A fast, fully-featured, and developer-friendly Clojure API for Apache Spark.
Sparkling is a Clojure library that provides a native API for Apache Spark, allowing developers to write distributed data processing jobs using idiomatic Clojure code. It solves the problem of integrating Spark's powerful big data engine with Clojure's functional programming paradigm, offering performance optimizations and a developer-friendly interface.
Clojure developers and data engineers who need to perform large-scale data processing, ETL tasks, or analytics using Apache Spark without leaving the Clojure ecosystem.
Developers choose Sparkling for its Clojure-native design, which reduces boilerplate and improves performance over generic wrappers, while providing full access to Spark's features like Spark SQL, Avro support, and JDBC connectivity.
A Clojure library for Apache Spark: fast, fully-features, and developer friendly
Open-Awesome is built by the community, for the community. Submit a project, suggest an awesome list, or help improve the catalog on GitHub.
Uses familiar Clojure functions and data structures for Spark operations, reducing boilerplate compared to Java interop, as shown in the sample code with pure Clojure predicates.

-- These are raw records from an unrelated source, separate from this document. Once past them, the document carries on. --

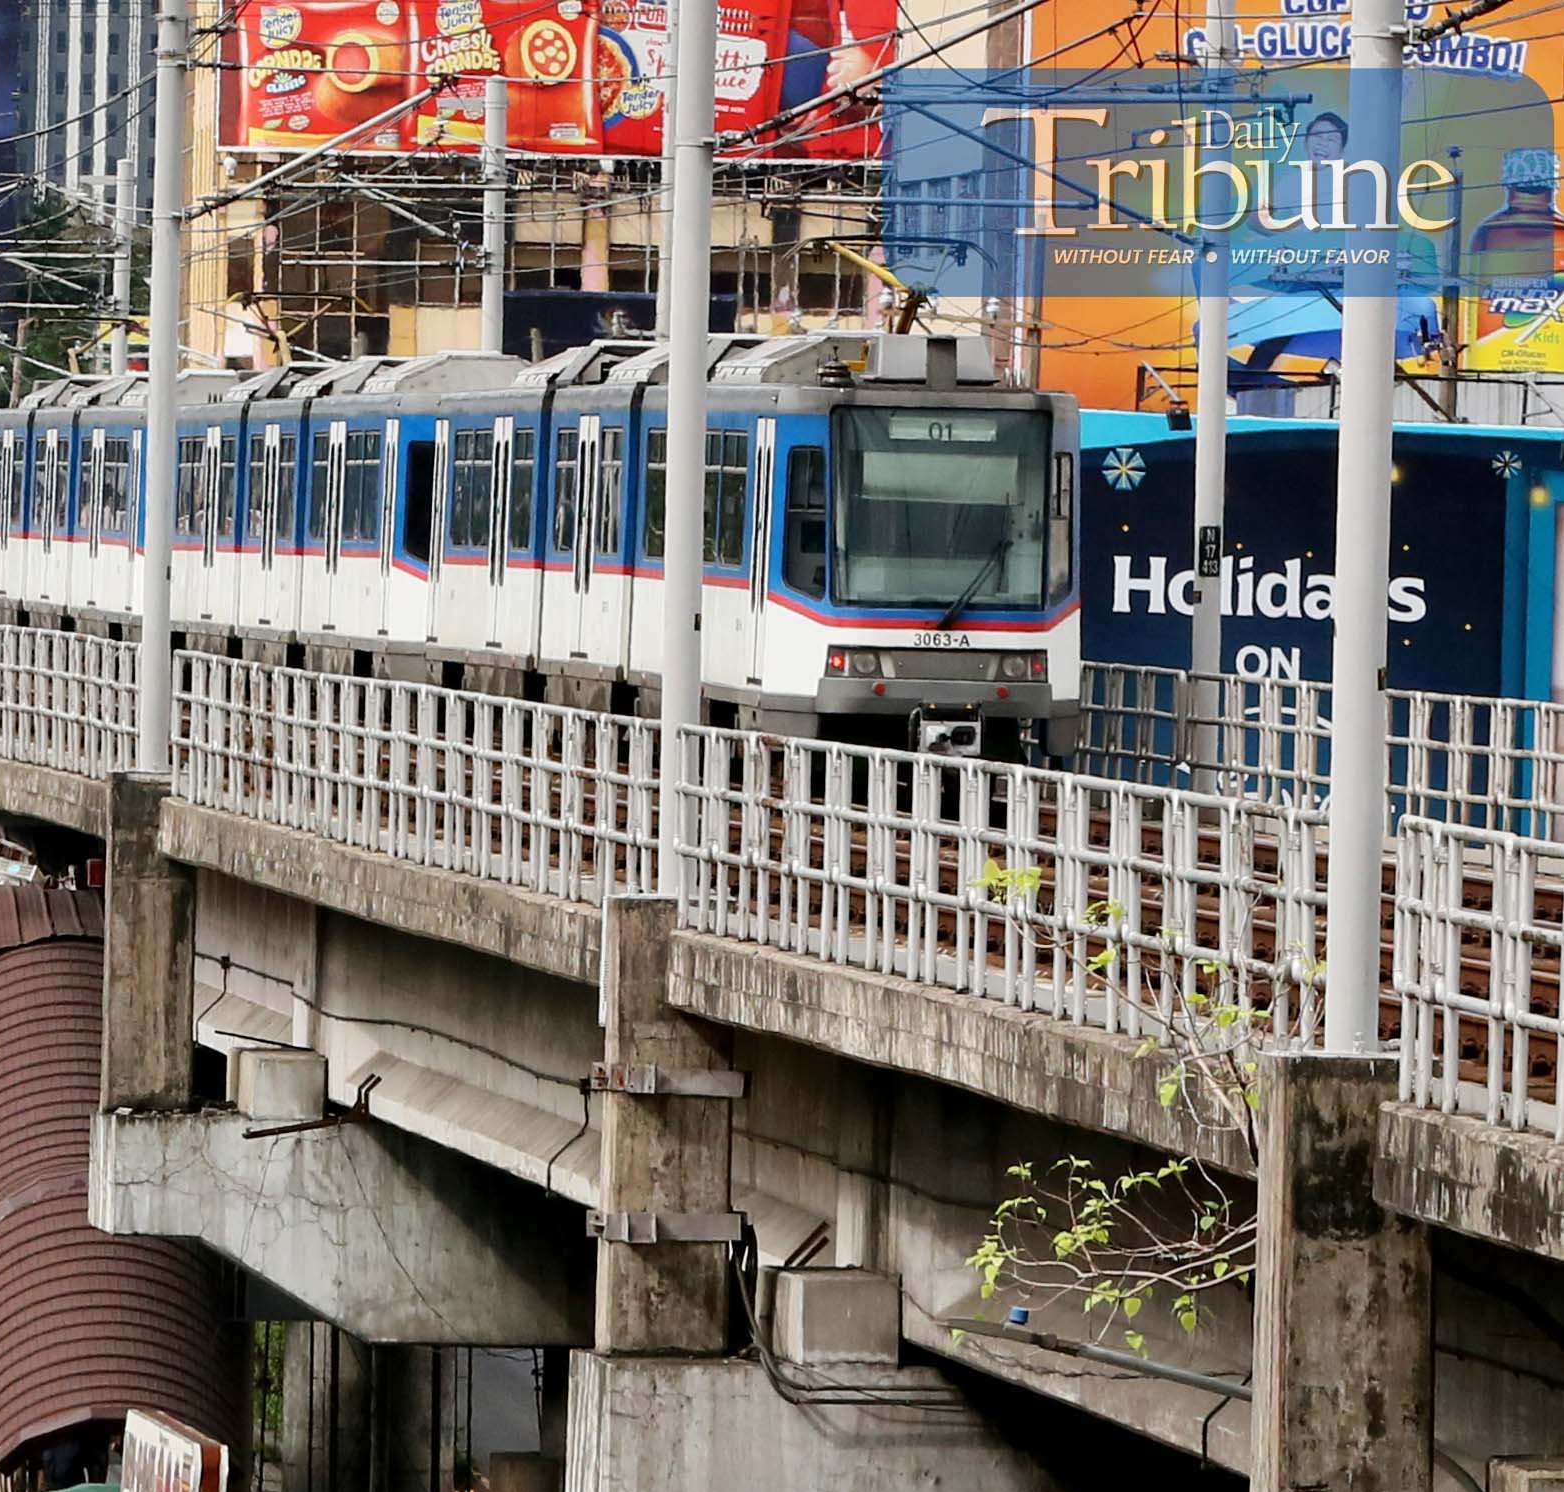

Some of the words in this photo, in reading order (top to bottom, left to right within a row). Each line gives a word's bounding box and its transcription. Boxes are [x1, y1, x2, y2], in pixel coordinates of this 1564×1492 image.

[928, 422, 954, 441] 01
[1206, 528, 1216, 542] N
[1205, 543, 1215, 558] 17
[1113, 553, 1427, 623] Holidas
[914, 634, 970, 648] 3063-A
[1235, 645, 1301, 680] ON
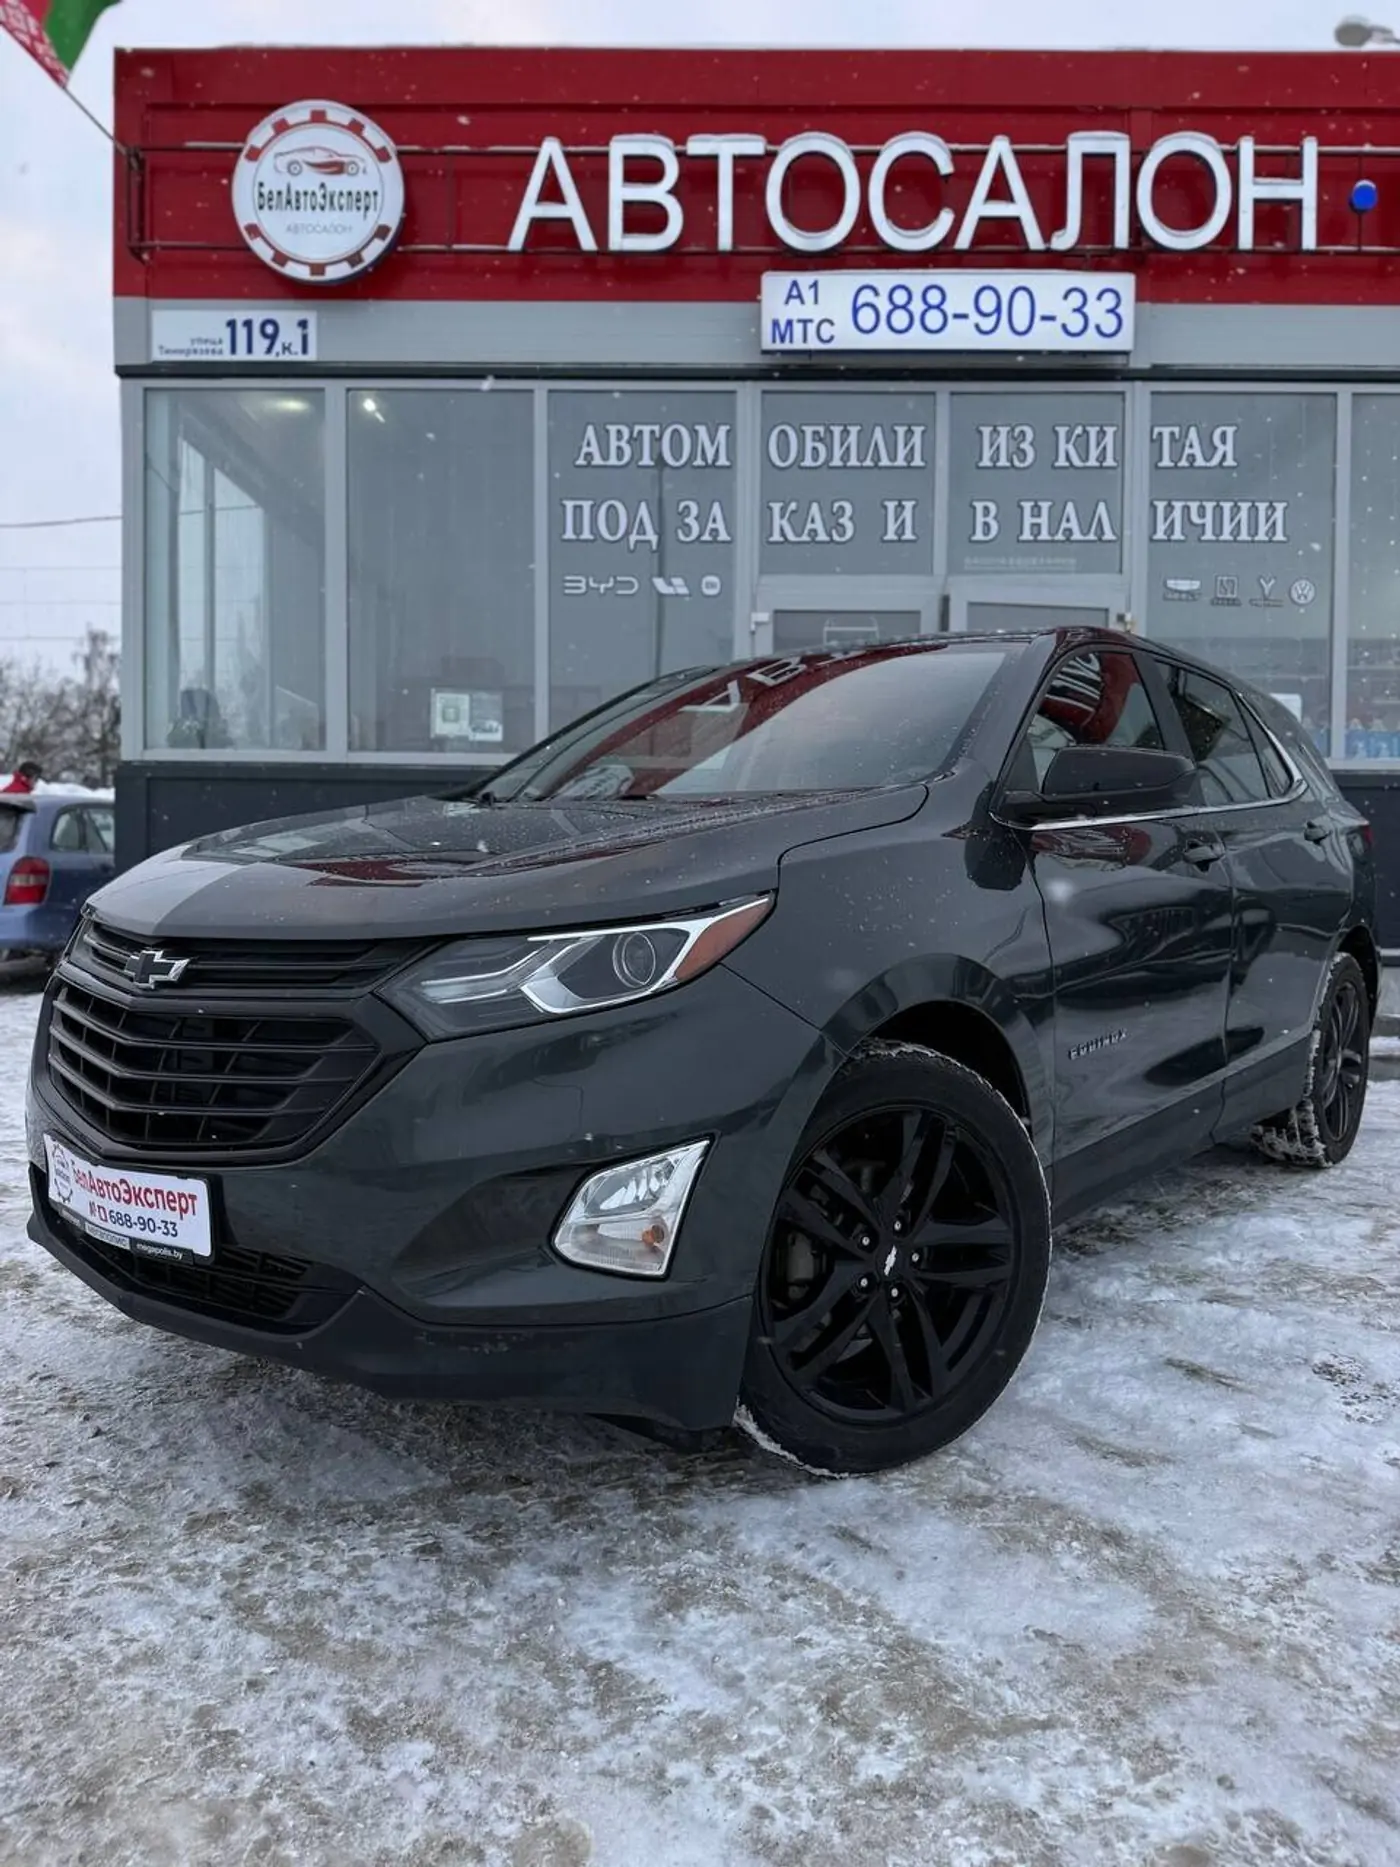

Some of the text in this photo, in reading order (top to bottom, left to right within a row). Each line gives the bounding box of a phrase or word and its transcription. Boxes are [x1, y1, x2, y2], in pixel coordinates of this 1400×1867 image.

[257, 181, 379, 220] БелАвтоЭксперт
[507, 131, 1320, 252] АВТОСАЛОН
[771, 318, 835, 344] МТС
[852, 284, 1124, 338] 688-90-33
[575, 424, 1239, 468] АВТОМ ОБИЛИ ИЗ КИ ТАЯ
[561, 500, 1289, 551] ПОД ЗА КАЗ И В НАЛ ИЧИИ
[109, 1209, 178, 1237] 688-90-33

Eliminates reflection calls and preserves partitioner information, leading to faster execution and more efficient job plans, evidenced by claims of being twice as fast in release notes.
Reads from JDBC databases, Avro files, text files, and Clojure collections, offering flexibility in data ingestion without leaving the Clojure ecosystem.

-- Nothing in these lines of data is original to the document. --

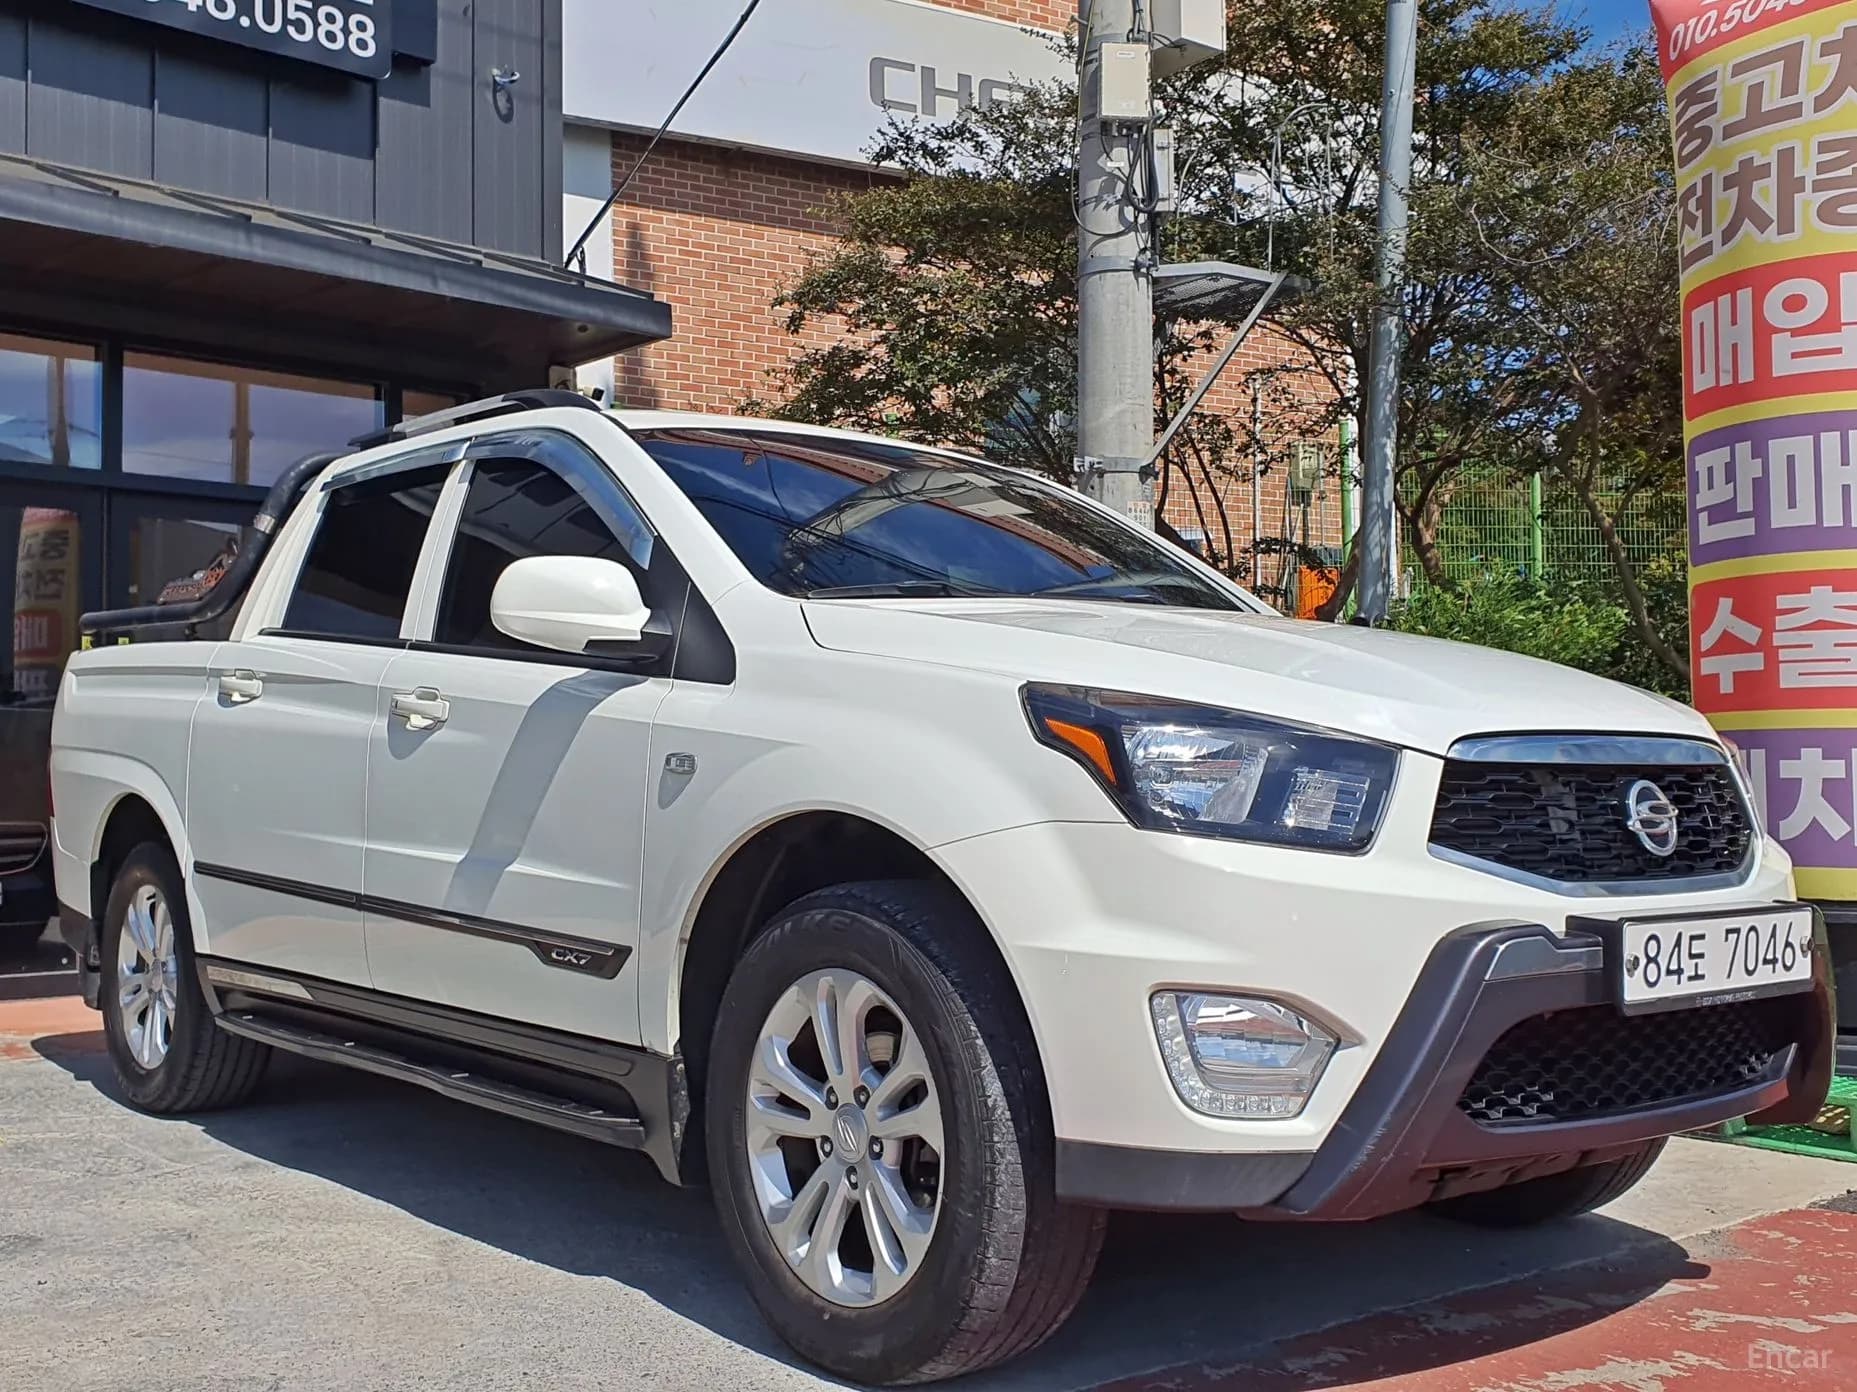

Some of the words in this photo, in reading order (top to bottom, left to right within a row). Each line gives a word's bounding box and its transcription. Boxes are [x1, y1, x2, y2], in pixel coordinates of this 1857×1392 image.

[148, 0, 377, 58] .0588
[1669, 0, 1802, 61] 010.50
[1692, 271, 1857, 395] 매입
[1695, 429, 1857, 545] 판매
[1700, 585, 1857, 694] 수출
[1740, 748, 1857, 847] 차
[551, 947, 592, 965] CX7
[1643, 931, 1706, 988] 84도
[1724, 921, 1796, 979] 7046

Includes features like RDD autonaming from function metadata and deref support for broadcasts, enhancing debugging and unit testing, as noted in the 1.2.3 release notes.
Supports Spark SQL for structured data processing, expanding use cases to analytical queries, with added support in version 2.0.0 for Spark 2.0.
Requires ahead-of-time compilation for specific namespaces like sparkling.serialization, complicating build setup and potentially breaking REPL workflows, as admitted in the README.
Has introduced breaking changes in updates, such as in version 1.2.1 with Kryo registration overhaul, which can disrupt existing codebases and require migration efforts.
For deployment to clusters with pre-installed Spark, dependencies must be set to 'provided', adding an extra step and potential misconfiguration risks, as mentioned in the 1.1.1 notes.
As a Clojure-specific wrapper, it has a smaller community and fewer third-party resources compared to Scala or Python Spark APIs, which may slow down troubleshooting and adoption.